**THE RECORDS**.
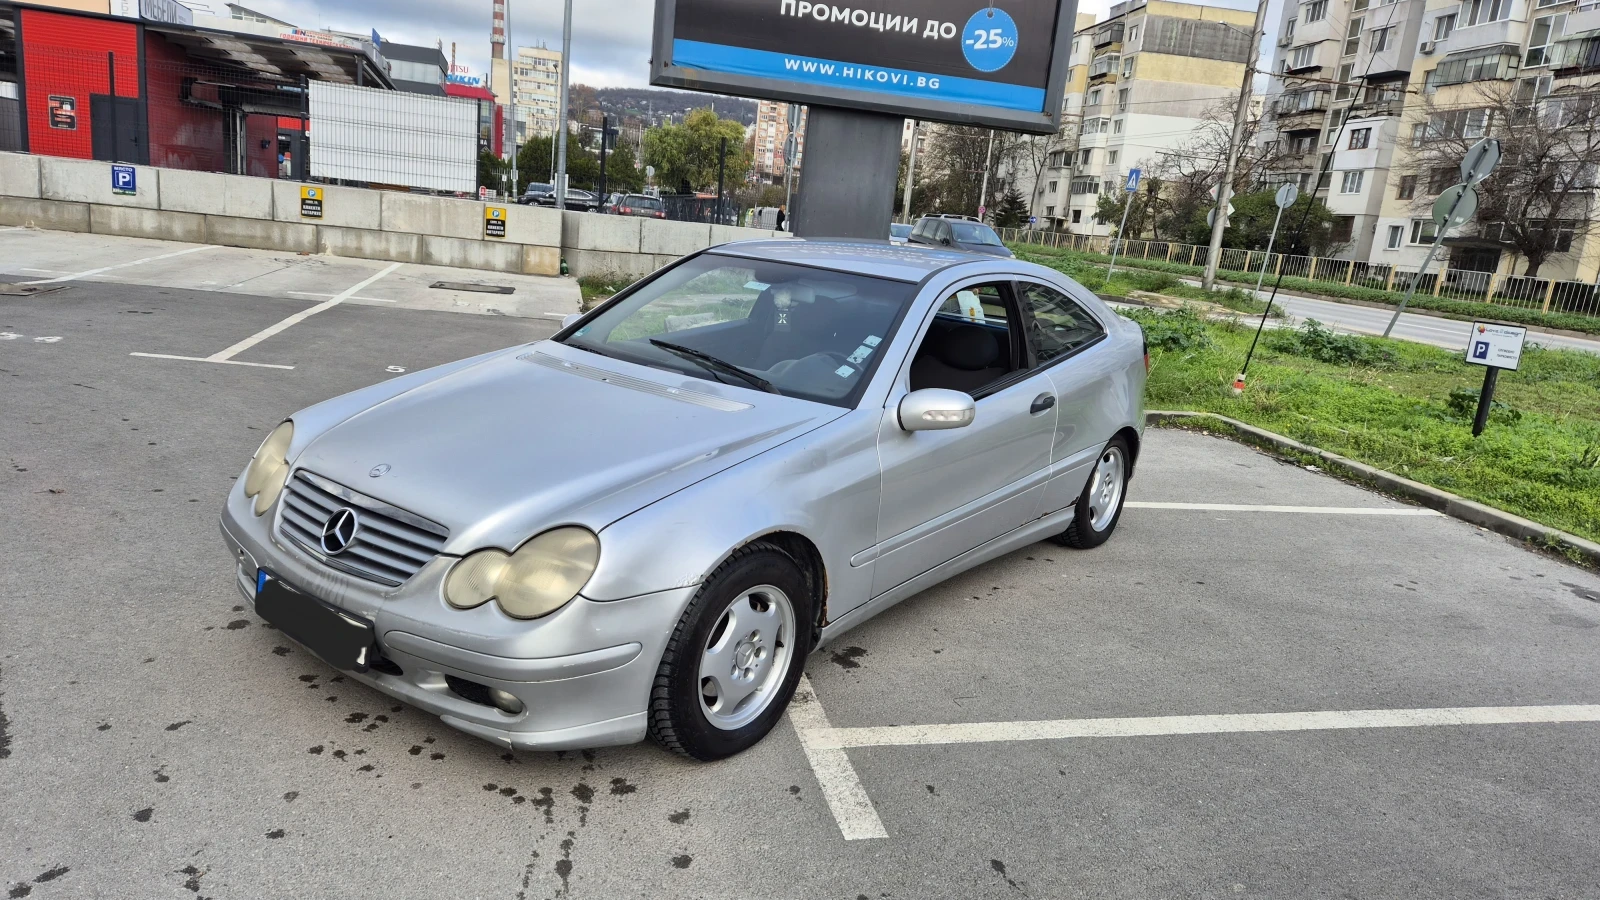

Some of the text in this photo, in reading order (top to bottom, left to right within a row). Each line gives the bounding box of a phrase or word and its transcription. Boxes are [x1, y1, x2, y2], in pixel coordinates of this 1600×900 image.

[780, 0, 957, 40] ПРОМОЦИИ ДО
[965, 28, 1014, 50] -25%
[446, 74, 480, 85] AIKIN
[784, 58, 940, 89] WWW.HIKOVI.BG
[119, 172, 130, 186] P
[1476, 343, 1486, 357] P
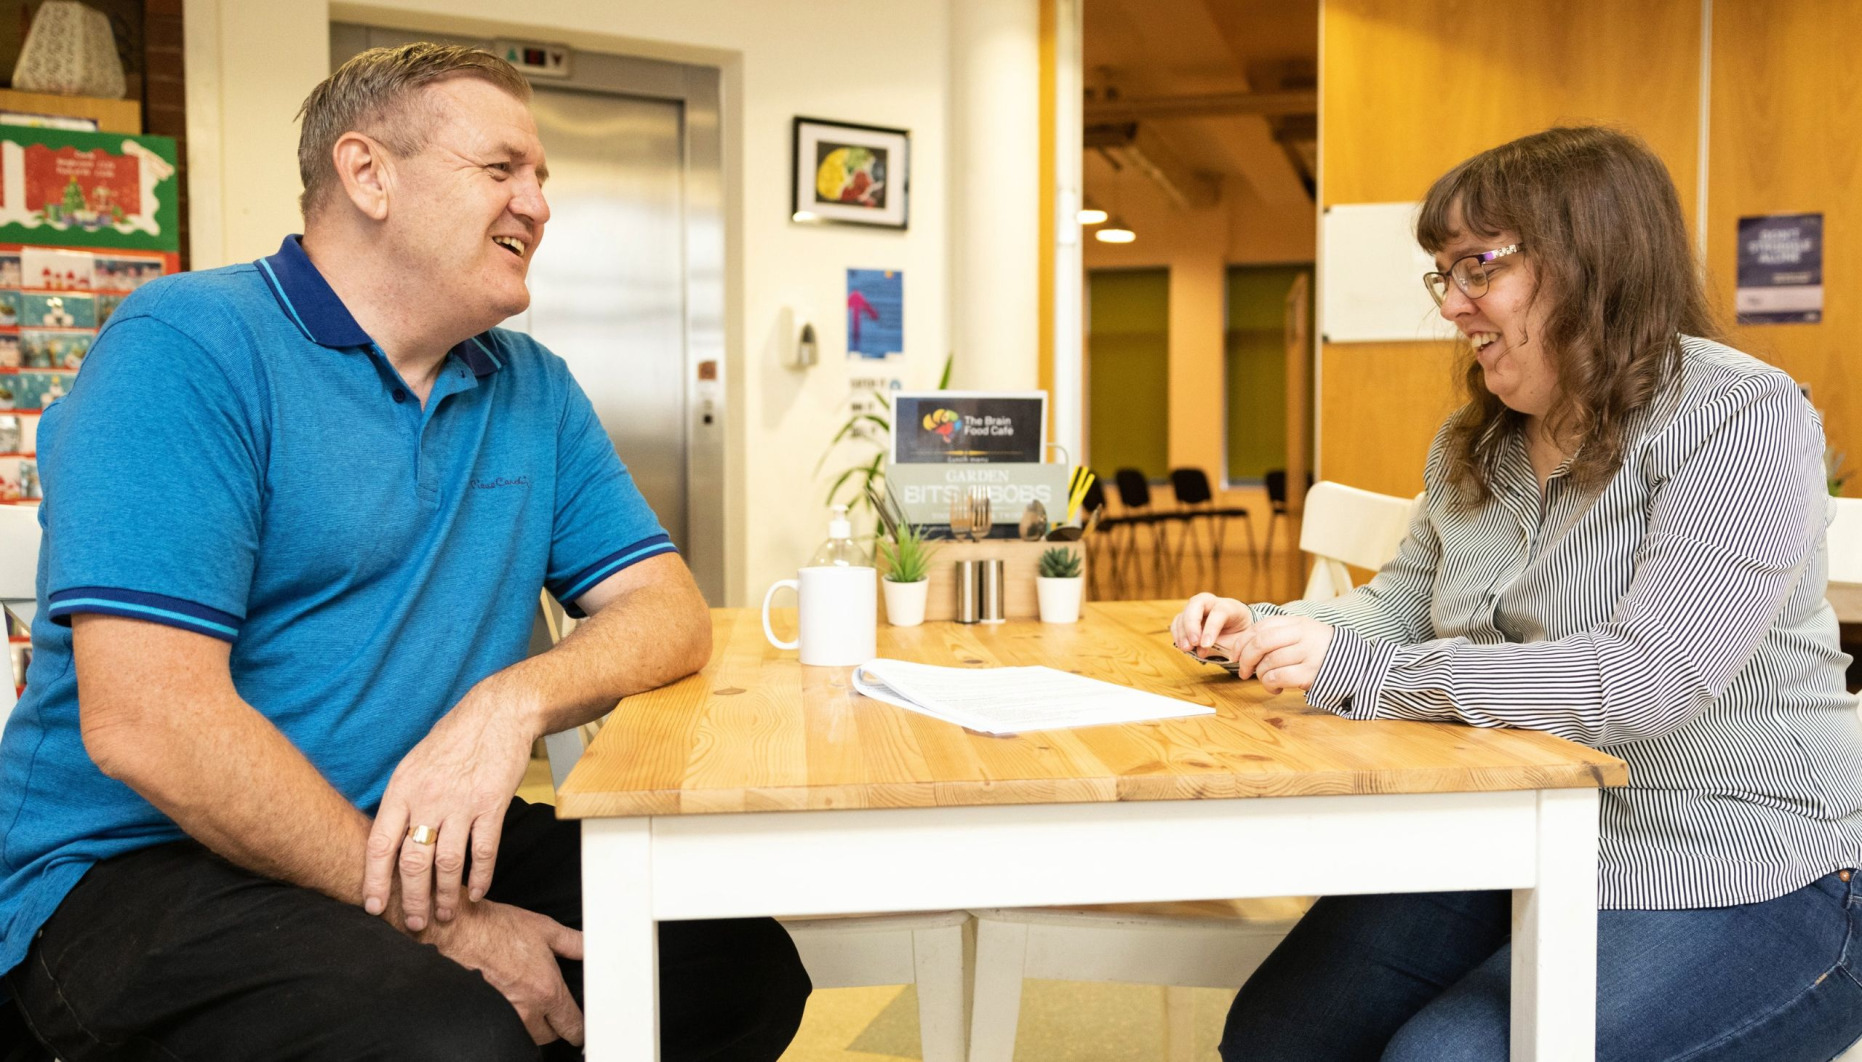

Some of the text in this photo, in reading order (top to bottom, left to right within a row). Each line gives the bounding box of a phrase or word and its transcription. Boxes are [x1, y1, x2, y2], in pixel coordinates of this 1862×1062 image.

[964, 415, 1012, 426] The Brain
[964, 426, 990, 436] Food
[945, 469, 1010, 482] GARDEN
[904, 485, 960, 504] BITS
[989, 485, 1052, 504] BOBS

**WHAT IS REQUIRED**.
Your answer must be the line containing "this 1862×1062 image." and each line after it in the listing above, copied exactly.

**EXERCISE RESPONSE**.
Some of the text in this photo, in reading order (top to bottom, left to right within a row). Each line gives the bounding box of a phrase or word and its transcription. Boxes are [x1, y1, x2, y2], in pixel coordinates of this 1862×1062 image.

[964, 415, 1012, 426] The Brain
[964, 426, 990, 436] Food
[945, 469, 1010, 482] GARDEN
[904, 485, 960, 504] BITS
[989, 485, 1052, 504] BOBS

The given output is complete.